Thank God the British are working on South Asian genomics

The sequences of 150,119 genomes in the UK Biobank:

We defined two other cohorts based on ancestry: African (XAF; n = 9,633; Extended Data Fig. 4) and South Asian (XSA; n = 9,252; Extended Data Fig. 5) (Fig. 3a–c). The 37,598 UKB individuals who do not belong to XBI, XAF or XSA were assigned to the cohort OTH (others). The WGS data of the XAF cohort represent one of the most comprehensive surveys of African sequence variation to date, with reported birthplaces of its members covering 31 of the 44 countries on mainland of sub-Saharan Africa (Extended Data Fig. 4). Owing to the considerable genetic diversity of African populations, and resultant differences in patterns of linkage disequilibrium, the XAF cohort may prove valuable for fine-mapping association signals due to multiple strongly correlated variants identified in XBI or other non-African populations.

Nearly 10,000 South Asians at high-quality whole-genome sequence scale is nice to see. Obviously, this is oversampling some groups (Mirpuris, Syhletis, and East African Indians who are mostly Guju), but it’s better than nothing. It’s really sad that the British are pushing forward with this. The Chinese have started to move into sequencing their whole nation (they have millions at low coverage). This isn’t that expensive; less than $100 per person at scale. Why is India tarrying on this? I don’t have inside info but I think the Permit Raj strikes again.

  1. Razib, in matters of ancestry how different are the results from full genome sequencing vs 23andme type services that only analyze 1% of the genome?

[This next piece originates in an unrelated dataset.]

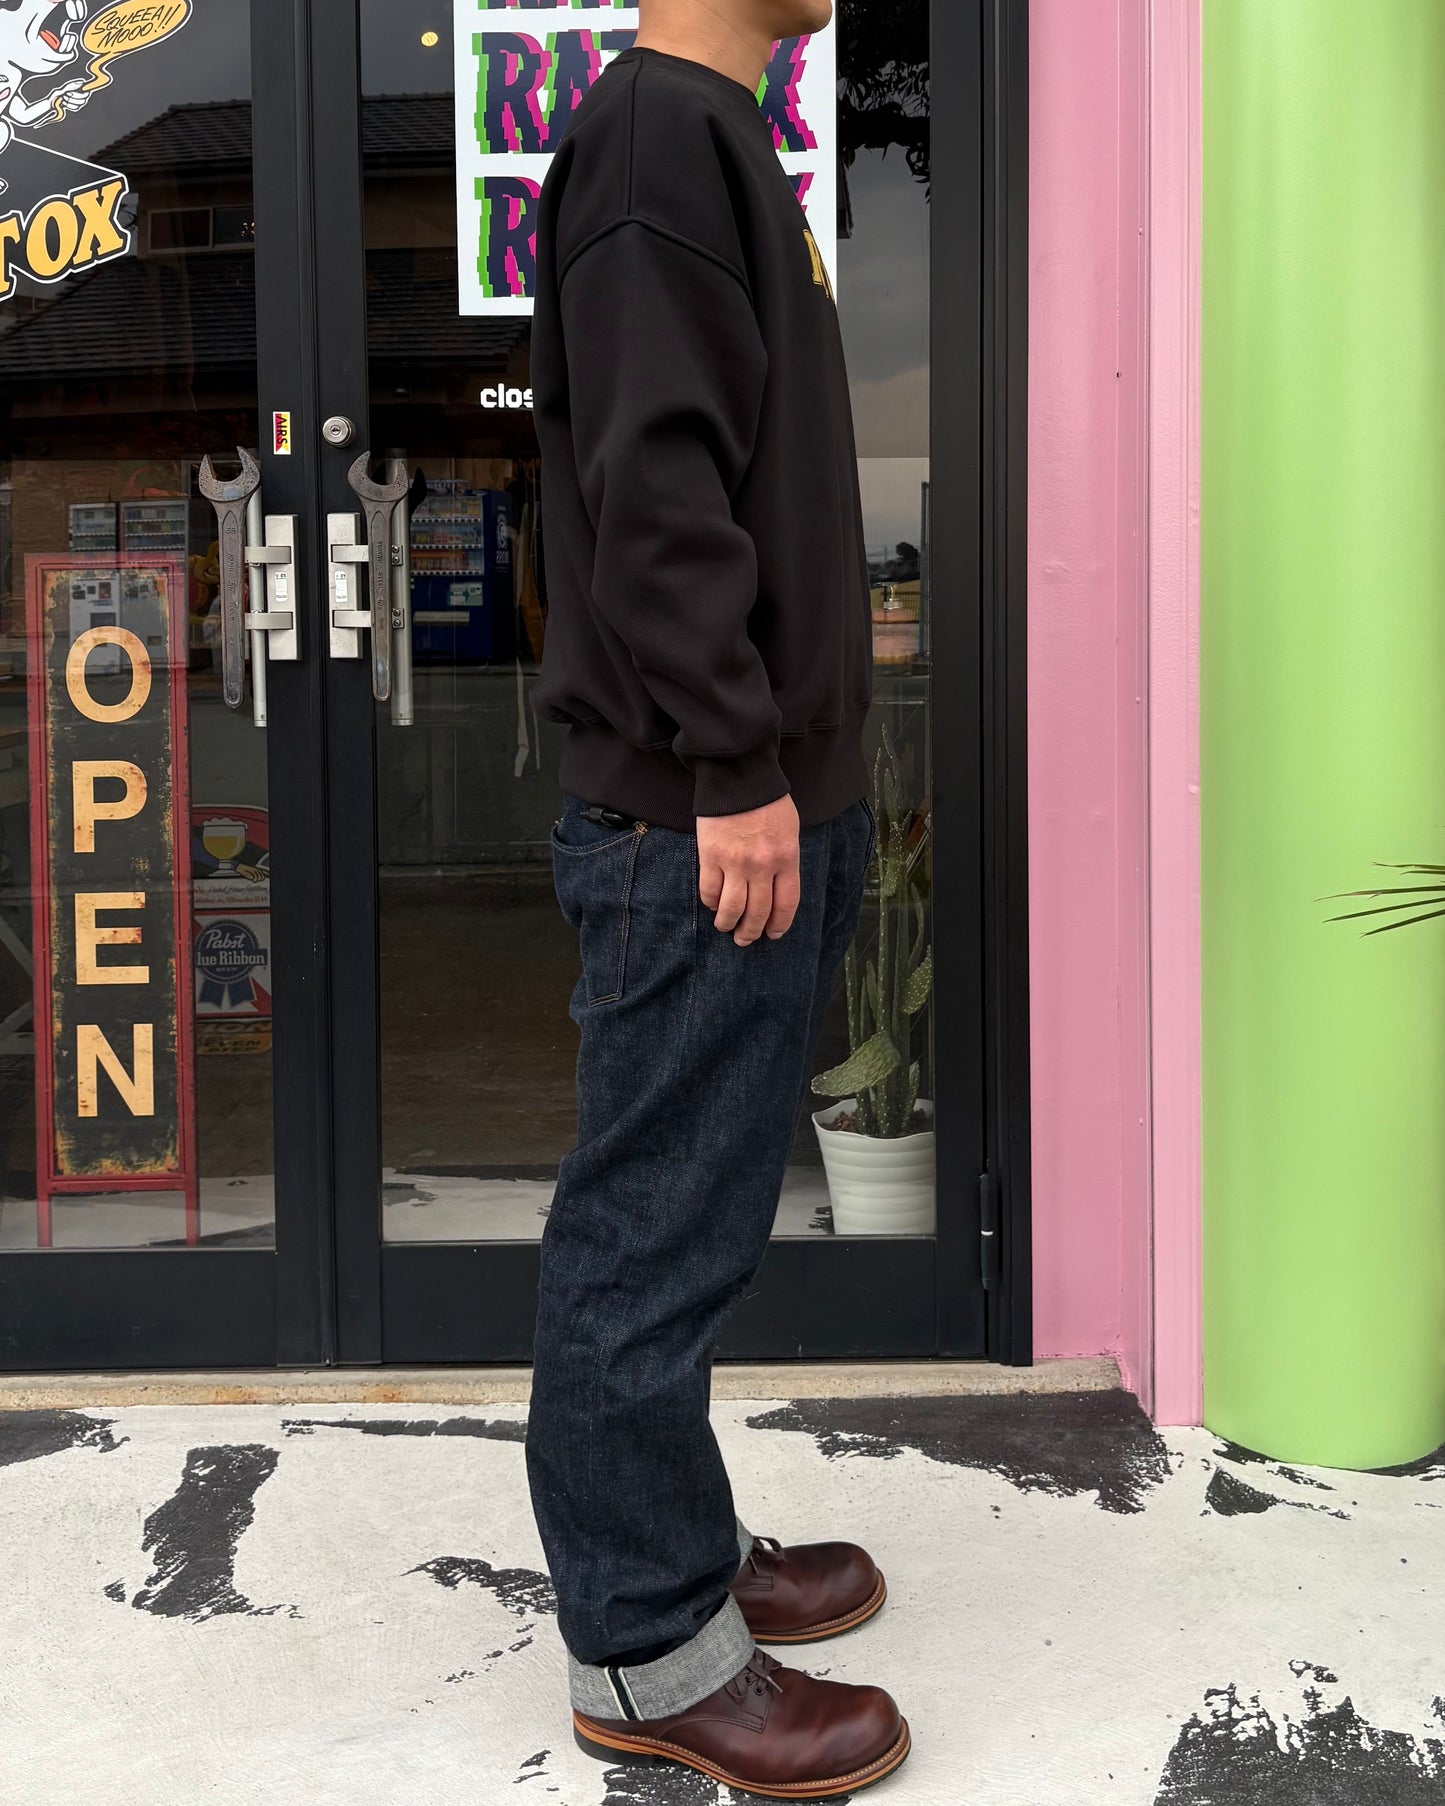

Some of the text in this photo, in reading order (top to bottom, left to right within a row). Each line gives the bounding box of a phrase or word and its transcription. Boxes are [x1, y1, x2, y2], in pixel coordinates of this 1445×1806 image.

    1. Well, don’t know about WGS but in tems of ancestry, I have seen qpADM results of an indian guy changed when input used AncestryDNA data file(around ~340 K SNPs coverage for qpADM) compared to 23andME v5 (around ~170 K SNPs for qpADM). Steppe_MLBA ancestry changed from 9% with 23andMe file to 20% with
      AncestryDNA. Right pops set stayed the same in both cases.

      However, it was perhaps of ‘allsnps’ settings change that caused this issue. When modelling was done using 23andMe, allsnps = NO setting was used but later modelling with AncestryDNA file, allsnps = YES was used.

  2. Speaking of 23andme, I have a question for Razib, is 23andme 0.4x coverage? Or is it some other -x coverage value?